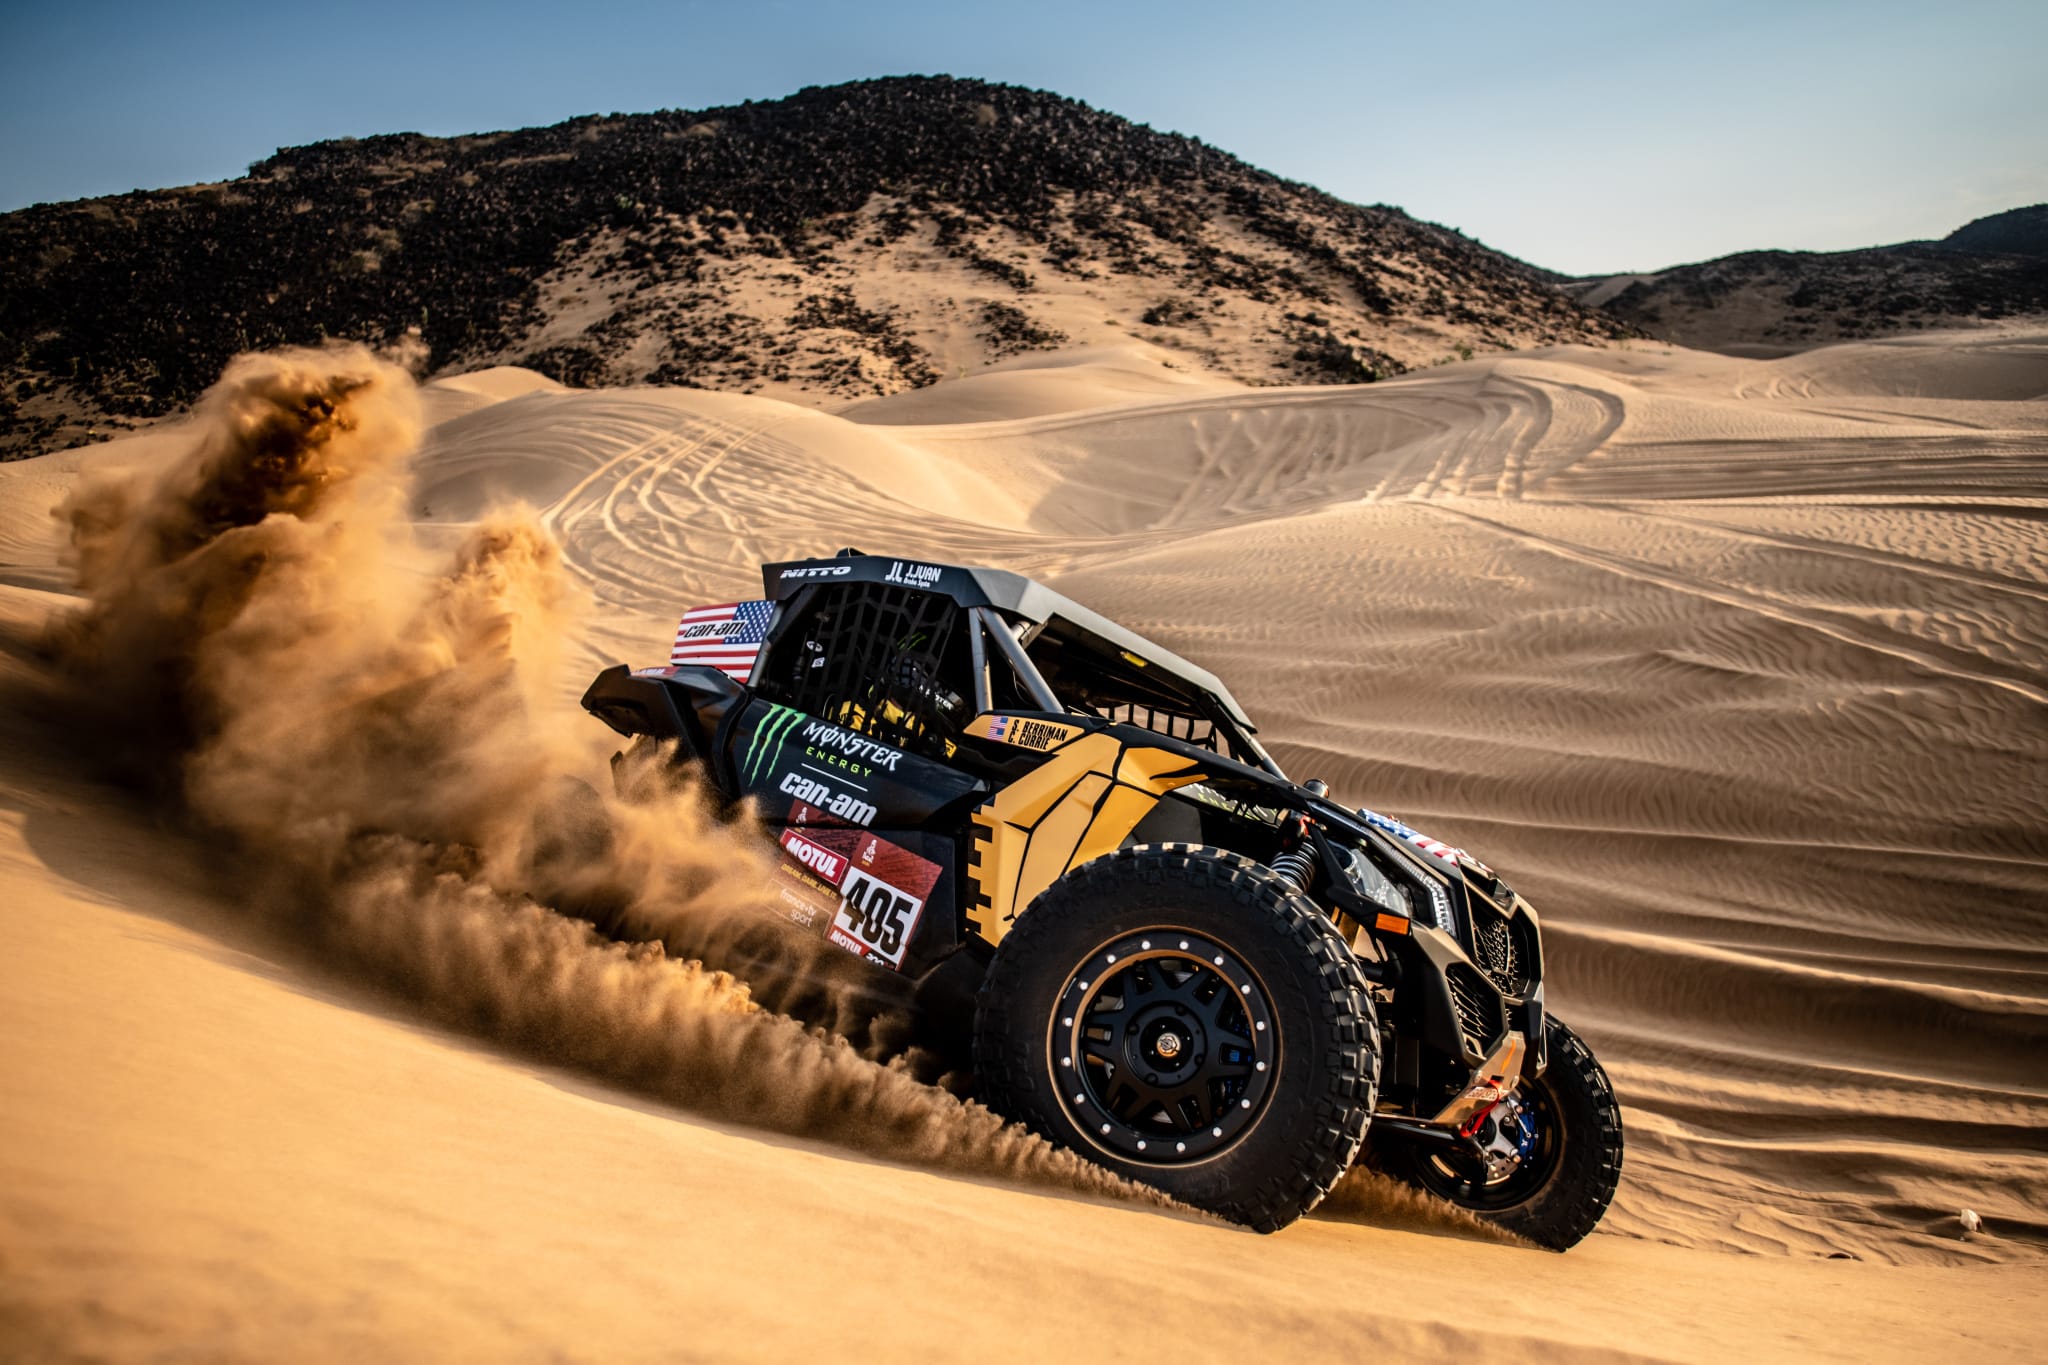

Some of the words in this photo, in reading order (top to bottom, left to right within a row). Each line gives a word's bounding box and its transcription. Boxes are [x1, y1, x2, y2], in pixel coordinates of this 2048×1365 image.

[780, 566, 852, 579] NITTO
[905, 564, 942, 583] J.JUAN
[683, 621, 747, 638] can-am
[1008, 730, 1016, 744] C.
[1018, 733, 1051, 751] CURRIE
[1011, 719, 1020, 732] S.
[1022, 721, 1068, 742] BERRIMAN
[806, 746, 873, 777] ENERGY
[779, 772, 877, 827] can-am
[786, 837, 838, 877] MOTUL
[791, 909, 813, 928] sport
[843, 877, 915, 955] 405

__Exercise instructions__
Through to the final line, copy the material above exactly and skip the images.

__Task solution__
Some of the words in this photo, in reading order (top to bottom, left to right within a row). Each line gives a word's bounding box and its transcription. Boxes are [x1, y1, x2, y2], in pixel coordinates of this 2048×1365 image.

[780, 566, 852, 579] NITTO
[905, 564, 942, 583] J.JUAN
[683, 621, 747, 638] can-am
[1008, 730, 1016, 744] C.
[1018, 733, 1051, 751] CURRIE
[1011, 719, 1020, 732] S.
[1022, 721, 1068, 742] BERRIMAN
[806, 746, 873, 777] ENERGY
[779, 772, 877, 827] can-am
[786, 837, 838, 877] MOTUL
[791, 909, 813, 928] sport
[843, 877, 915, 955] 405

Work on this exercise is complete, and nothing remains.